Flash forward to college. I played on the soccer team and was majoring in Occupational Therapy. I had success as a freshman – I worked so hard to be a part of the starting 11 on the field and to receive the Rookie of the Year award for the conference. Sophomore year comes and I got a concussion. It knocked me out. For a week, I was nauseous, sensitive to light/noise, in pain, unsteady on my feet, unable to sleep, experienced mood swings, and so much more. I was pressured to play again. I ended up quitting the soccer team because I was having trouble with academics and realized that my health was more important than a game. In a short span of time, I lost the sport that I dedicated my heart to, a passion, teammates, and friends. I had never felt more lonely, helpless, and discouraged in my life. I couldn’t see the light, and I didn’t want to.
In this time, I chugged along like everything was normal when I felt far from it. I had a hard time being social. I knew people didn’t believe me despite the fact that I had symptoms months later. But then I met people. Good people. I felt how genuine they were. I was welcomed with open arms. I still struggled, but they picked up my pieces and slowly put the puzzle of myself back together. I owe them everything for helping me find myself and my resilience again.
I remembered how I felt in those recovery rooms with the nurses.
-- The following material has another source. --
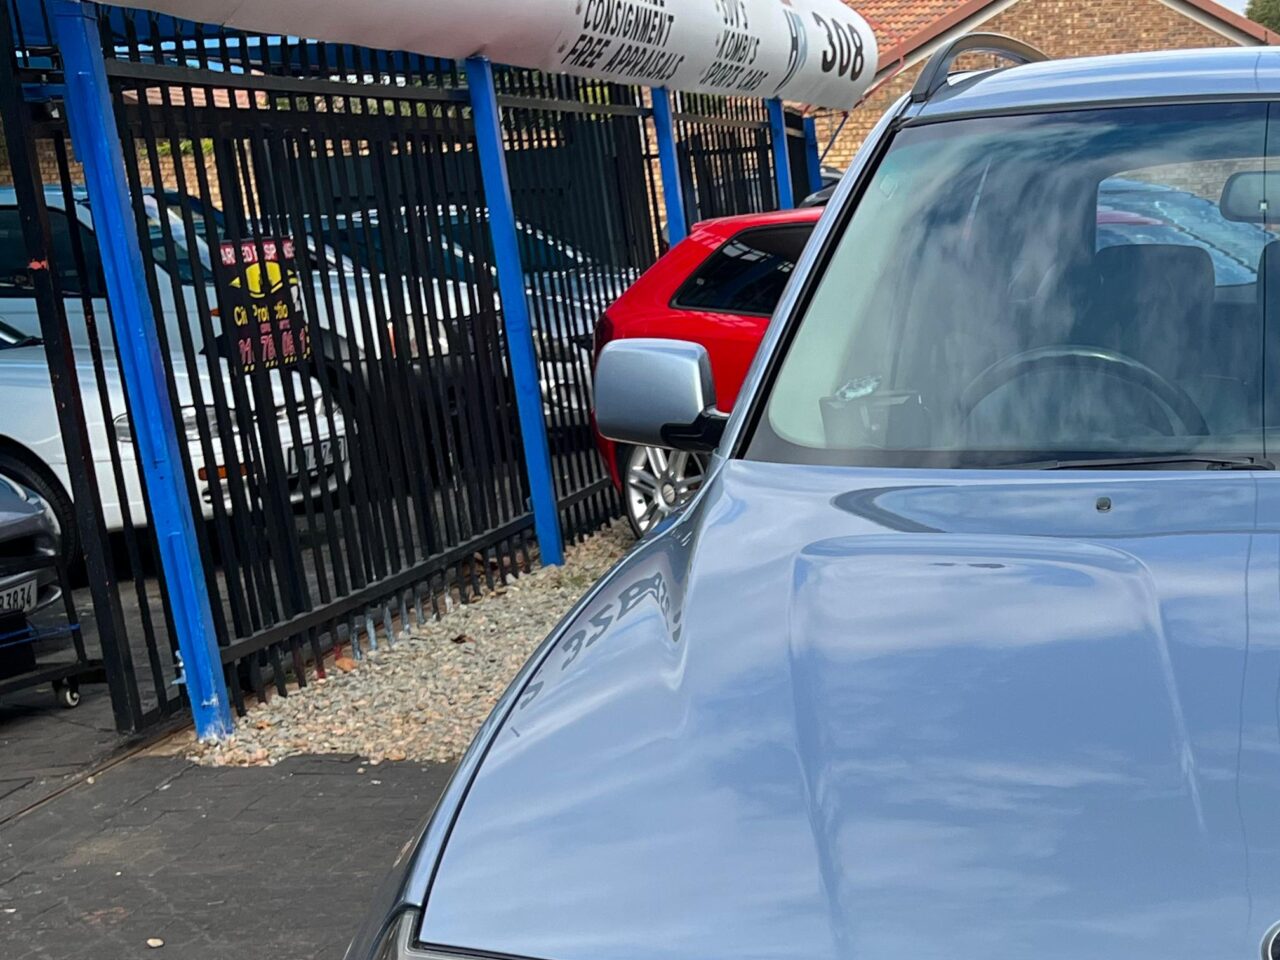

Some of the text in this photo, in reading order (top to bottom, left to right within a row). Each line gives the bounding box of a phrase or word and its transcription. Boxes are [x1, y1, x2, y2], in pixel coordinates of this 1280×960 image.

These wonderful people I met on this dark and hazy journey helped me be resilient again.
I graduated OT school, moved to Boston with the love of my life, landed a dream job, and am so unbelievably happy each day.
I came across a bible verse, Corinthians 16:14: “let all that you do be done in love”. It stuck with me my sophomore year. Love is experienced and given in so many ways, and it is SO important to give and take.
So as I begin my career as an OT with older adults, I try to treat them with knowledge, compassion, sympathy, and strength. When you give that strength to someone else, you give them the fuel to be resilient. Resilience isn’t always overcoming something major. It’s finding the will to get out of bed in the morning when times are rough. It’s pulling up your pants on your own. It’s chasing your dream when you feel as if all hope is lost. Rediscovering the resilience in myself has inspired me to help others be resilient in their lives to achieve what they once thought to be a lost cause.
So what do I want people to care about in this world? Simple. Giving and taking. Give love, strength, kindness, compassion, sympathy, empathy. And take it. every single day. we need one another. We are not meant to go through this life alone. The beautiful thing about being human is the emotion we feel each day. Find what you need, release it, and receive it. Do all things in love.